[メルボルン 16日 ロイター BREAKINGVIEWS] – 国同士が分断し、孤立主義へと向かう今の世界において、ほんの少しでも国家間の協力関係が築かれるなら朗報だ。アジア太平洋地域の15カ国間で貿易を円滑化する「地域的な包括的経済連携(RCEP)」は、この低いハードルをクリアした。控えめな前進とはいえ、世界貿易が置かれた悲しい現状の中では貴重な動きだ。

RCEPはこの週末に署名に至ったが、交渉には8年を要した。RCEPにはいくつか象徴的に重要な要素がある。対象となる経済圏は世界経済・人口の約3割を占め、他のどんな貿易協定よりも大きい。

アジア地域で競合する中国、韓国、日本が、この種の協定に共に参加したのも初めてのことだ。インドは交渉の途中から離脱したが、インドネシア、オーストラリア、タイその他の国同士の絆を深めたことは、決して小さな功績ではない。

経済的な影響という面では、さほど目覚ましい成果は得られていない。詳細については未発表の部分も多いが、関税と輸入割り当てが撤廃されるのは、域内の輸出・輸入品目の65%にとどまる見通しだ。他の課税や制限措置については、20年以内に約90%の品目について緩和するとしており、環太平洋連携協定(TPP)の水準を下回る。

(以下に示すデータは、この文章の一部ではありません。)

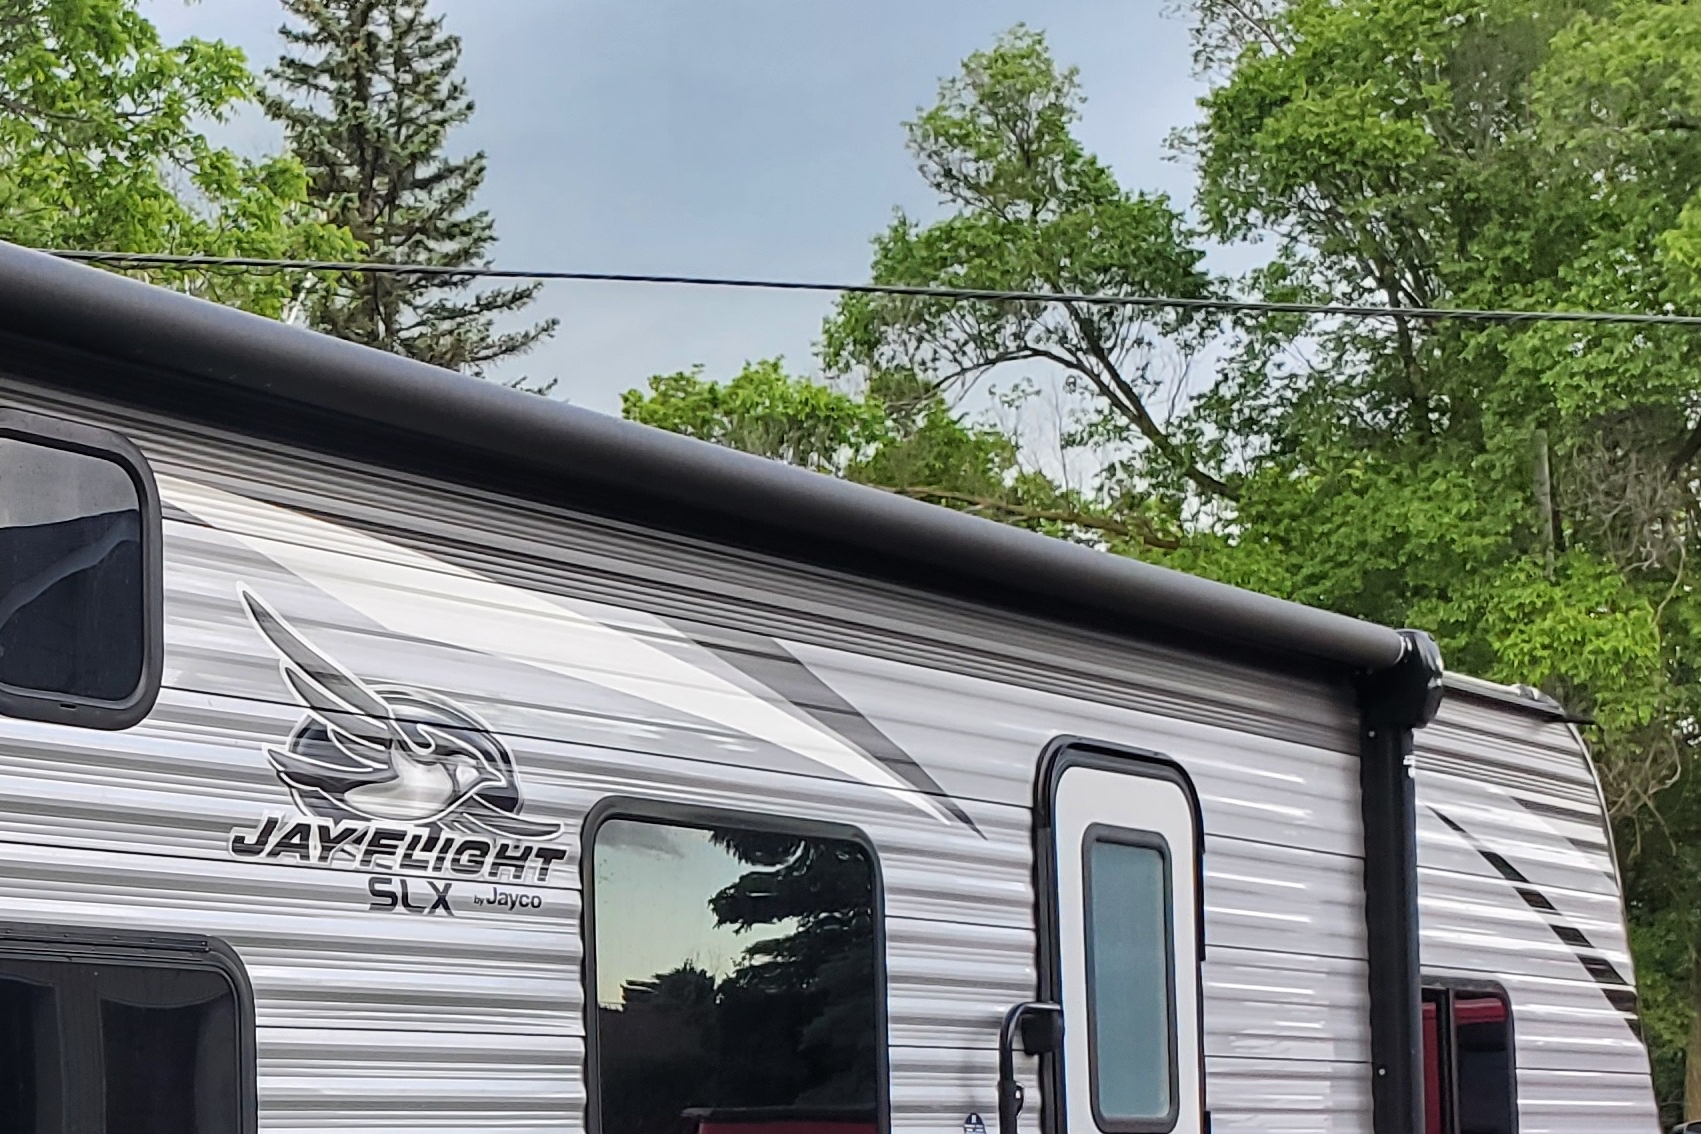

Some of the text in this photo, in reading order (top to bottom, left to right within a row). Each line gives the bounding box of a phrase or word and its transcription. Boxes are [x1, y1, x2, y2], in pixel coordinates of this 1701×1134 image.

[367, 876, 543, 916] SLX by Jayco

より重要なのは、加盟国のサプライチェーン同士の連携強化を狙い、いわゆる共通の原産地規則を設けたことだ。ピーターソン国際経済研究所が6月に示した試算によると、RCEPによって世界の経済規模は約2000億ドル拡大し――つまり全体に占める比率は小さいが――、加盟諸国の国内総生産(GDP)は恒久的に0.2%押し上げられる。

限定的な進歩に感じられるかもしれないが、諸外国の状況と比較すれば際だった前進と言える。4年前に欧州連合(EU)離脱を選んだ英国は、年末に正式な離脱を控えてまだ、EUとの自由貿易協定の合意に苦心している。

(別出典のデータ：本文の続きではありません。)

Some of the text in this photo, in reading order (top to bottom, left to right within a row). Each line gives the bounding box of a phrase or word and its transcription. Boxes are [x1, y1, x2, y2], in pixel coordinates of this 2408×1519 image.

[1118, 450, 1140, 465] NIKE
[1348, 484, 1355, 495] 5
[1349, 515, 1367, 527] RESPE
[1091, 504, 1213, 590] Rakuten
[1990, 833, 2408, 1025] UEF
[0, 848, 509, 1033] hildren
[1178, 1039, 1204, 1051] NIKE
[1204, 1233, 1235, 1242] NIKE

次期米大統領就任が確実となったバイデン前副大統領も、前政権から引き継ぐ対中貿易戦争の状況および同盟国との関係悪化を修復する必要がある。これら諸国が喫緊の課題を解決するころ、アジア・太平洋諸国はもっと強力な同盟を築いているかもしれない。

●背景となるニュース    

*アジア・太平洋の15カ国は15日、世界最大の自由貿易圏となるRCEPに署名した。ハノイでテレビ方式の首脳会議を開いた。

*署名したのは東南アジア諸国連合(ASEAN)加盟の10カ国に加え、中国、日本、韓国、オーストラリア、ニュージーランド。これら諸国の経済・人口規模は世界全体の約3割を占める。

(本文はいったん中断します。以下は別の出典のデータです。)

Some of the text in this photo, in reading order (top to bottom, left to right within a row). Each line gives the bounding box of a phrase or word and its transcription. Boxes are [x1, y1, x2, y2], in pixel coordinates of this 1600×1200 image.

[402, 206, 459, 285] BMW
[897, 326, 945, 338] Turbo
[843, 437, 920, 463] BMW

*RCEPの狙いは、多くの地域にわたって関税を段階的に引き下げること。直ちに関税引き下げの対象となる品目、国の詳細は示されていない。

*中国、日本、韓国の3カ国が単一の自由貿易協定に加わるのは初めて。インドは昨年11月に交渉から離脱したが、ASEAN諸国首脳は復帰を可能とする措置を設けた。

(筆者は「Reuters Breakingviews」のコラムニストです。本コラムは筆者の個人的見解に基づいて書かれています)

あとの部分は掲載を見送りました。